Publicado em 26/05/2022 às 21h00.

PF conclui que ex-ministro não cometeu crime por disparo acidental em aeroporto

Defesa argumenta que o acidente foi "por cuidado excessivo", pois ele tentou tirar munição sem expor a arma de fogo

Redação
Foto: Fábio Rodrigues-Pozzebom/ Agência Brasil
Foto: Fábio Rodrigues-Pozzebom/ Agência Brasil

 

A Polícia Federal (PF) arquivou, nesta quinta-feira (26), o caso do ex-ministro da Educação, Milton Ribeiro, pelo tiro disparado, acidentalmente, dentro do Aeroporto de Brasília. A ocorrência, que aconteceu há um mês, causou leves ferimentos em uma funcionária da companhia aérea Gol, que foi atingida por estilhaços.

A investigação foi comandada pela Superintendência da Polícia Federal no Distrito Federal e o arquivamento marca o final dessa investigação preliminar, aberta em abril após o incidente. Os responsáveis definiram que não houve crime e que não seguiriam com abertura de inquérito formal.

O disparo aconteceu quando o ex-ministro tentou separar a arma do carregador enquanto mexia em uma pasta de documentos. De acordo com a defesa de Ribeiro, o acidente foi “por cuidado excessivo”, pois ele teria sentido medo de expor sua arma de fogo publicamente no balcão, o que o levou a tentar desmuniciá-la sem essa exposição.

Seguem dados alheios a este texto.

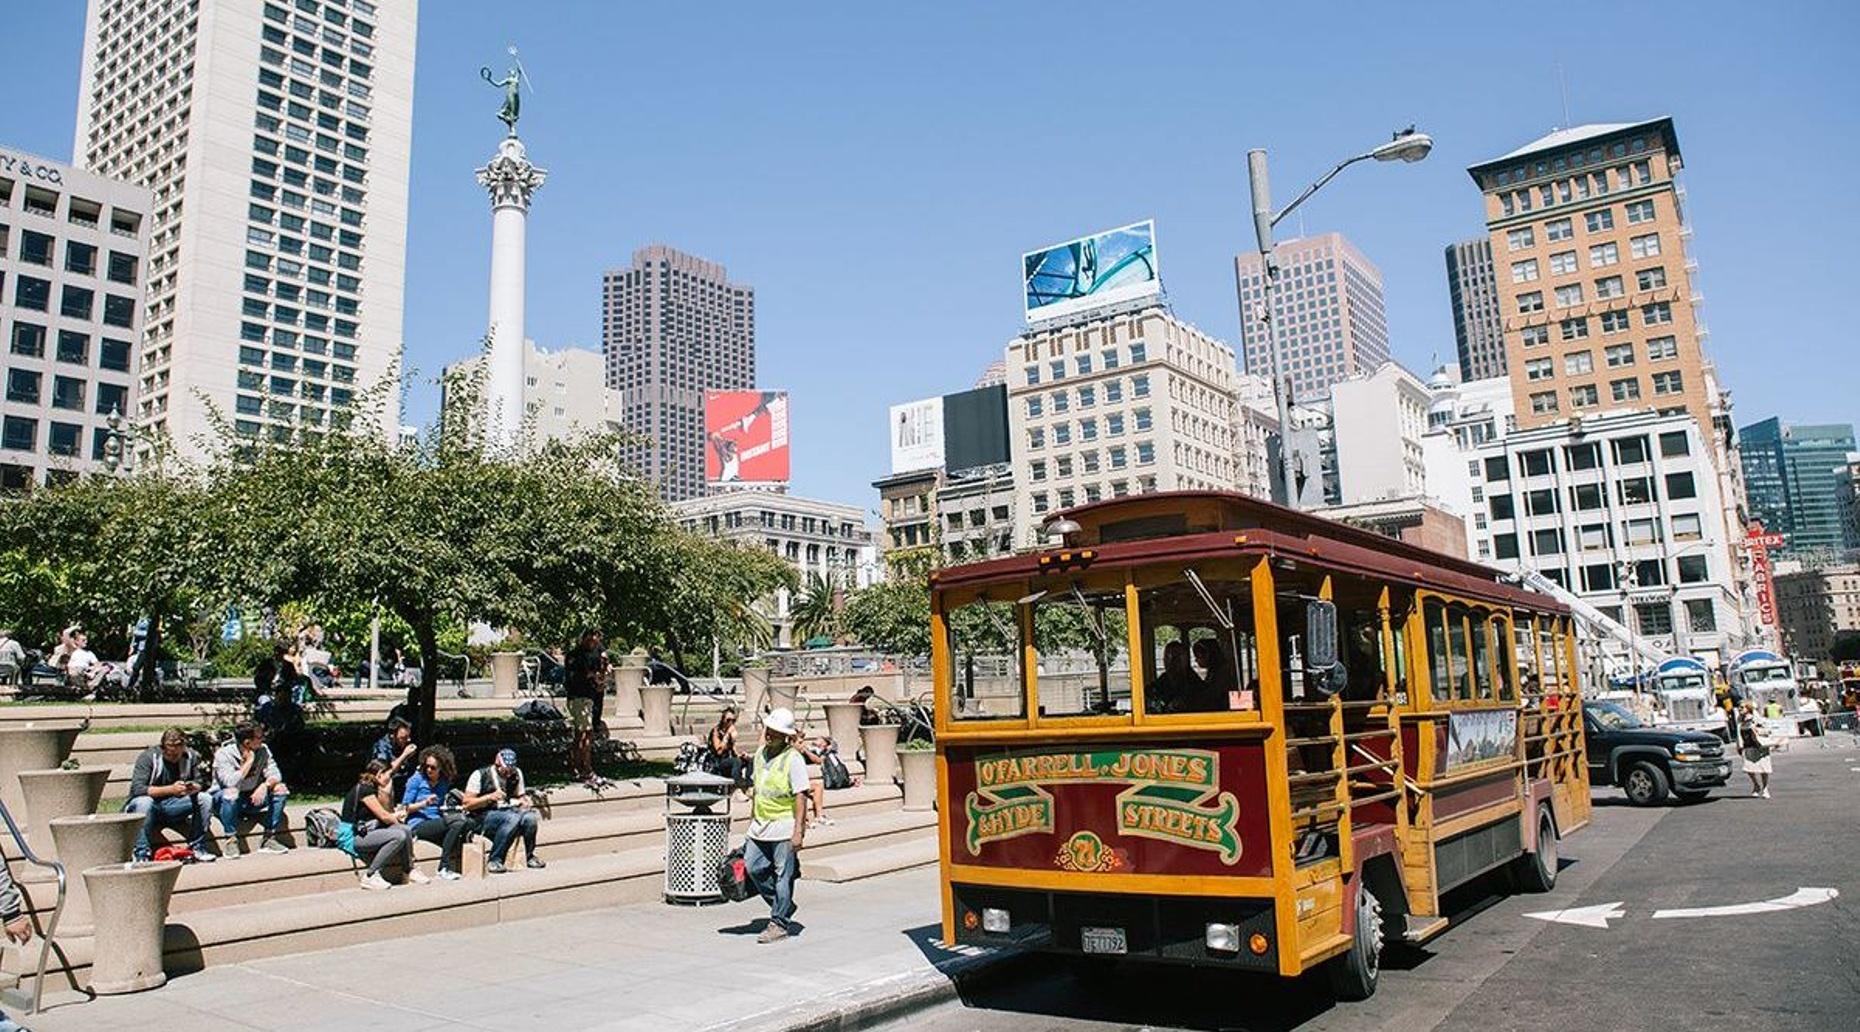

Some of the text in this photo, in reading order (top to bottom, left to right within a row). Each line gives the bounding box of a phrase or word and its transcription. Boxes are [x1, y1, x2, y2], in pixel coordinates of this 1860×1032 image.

Milton Ribeiro descumpriu norma da PF e Anac
O ex-ministro, ao carregar sua arma em uma pasta de documentos, cometeu uma falha ao descumprir norma da Polícia Federal e da Agência Nacional de Aviação Civil (Anac) sobre o embarque em aviões carregando uma arma. Os equipamentos, seguindo as regras, devem ser levados ao aeroporto já descarregados e acondicionados em estojos ou envelopes plásticos.